Lapo only waited until the Minister was out of sight and earshot before questioning Ricky. “So, little guy,” he drawled, “to what do we owe the pleasure of your company?”
“Dad says that I’ve been tormenting the chickens…”
“Tormenting the chickens?” asked both Lapo and Maria, almost with one voice.
“…but that’s not right! Dad just wouldn’t listen! I didn’t want to hurt them, I just wanted to count them!”
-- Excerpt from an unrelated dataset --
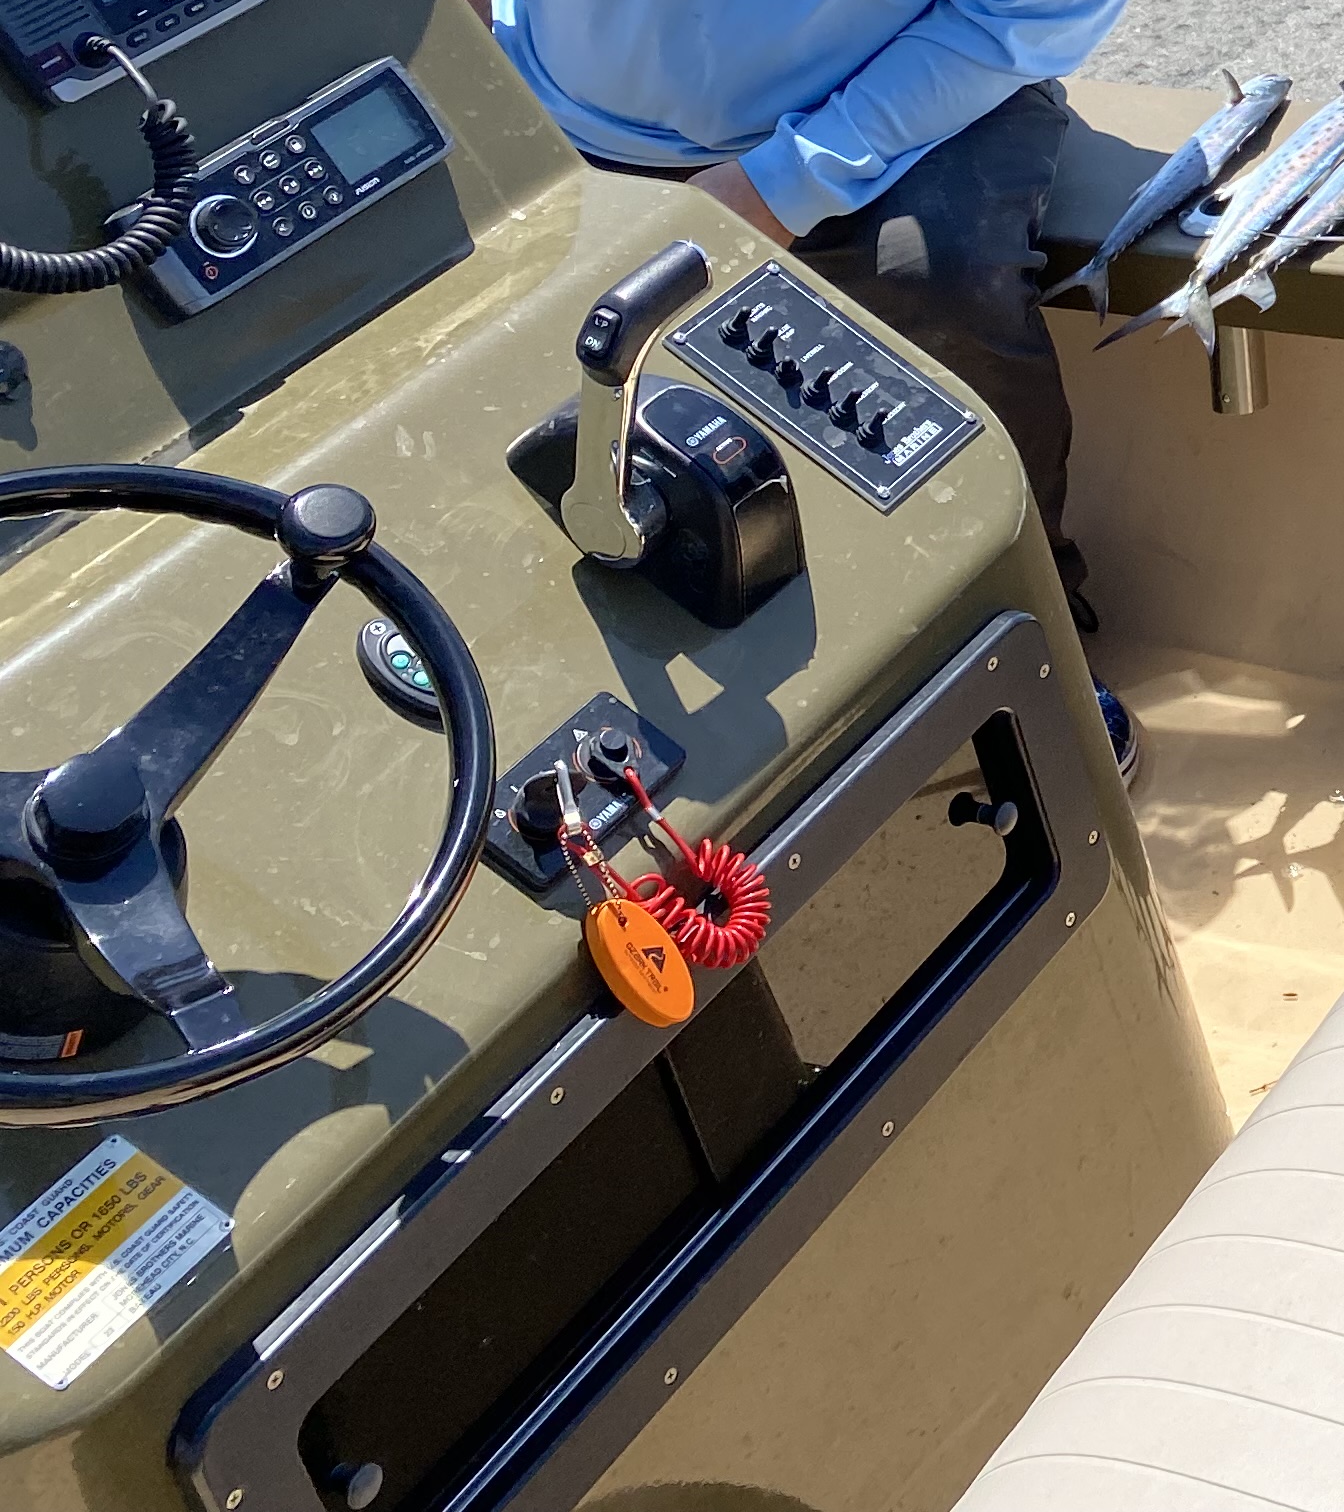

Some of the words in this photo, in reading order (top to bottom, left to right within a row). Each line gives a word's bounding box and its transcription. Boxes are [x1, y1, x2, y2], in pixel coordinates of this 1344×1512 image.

Both older children had stopped walking by now. Maria Cassia was shaking her head, as if trying to clear it. Lapo sounded stunned as he asked:
“Count them?”
“I was wondering how many chickens we had, so I went into the yard to see. But they kept moving around, so I couldn’t keep track… I started counting over and over again, and then I realized that the only way I could do it was tie them up and put them in one place. It took all day, it was so much work…”
And here Ricky stopped, because he realized that the two ten-year-olds were barely hearing him any more. Lapo D’Amalfi was almost convulsed with mirth, and Maria Cassia Giraudo was holding her sides trying not to choke on the gales of laughter that kept blasting out of her. Ricky blushed and felt horribly embarrassed – worse, in a way, than he had felt when his father had sent him to bed without supper.
“Look, kid,” gasped Lapo, “didn’t you think of just asking your house-elf?”
“Or your father?” added Maria Cassia.
“House-elf?” said Ricky in a bewildered tone.
“The house-elf can count all your animals in the time it would take you to breathe,” answered Maria Cassia.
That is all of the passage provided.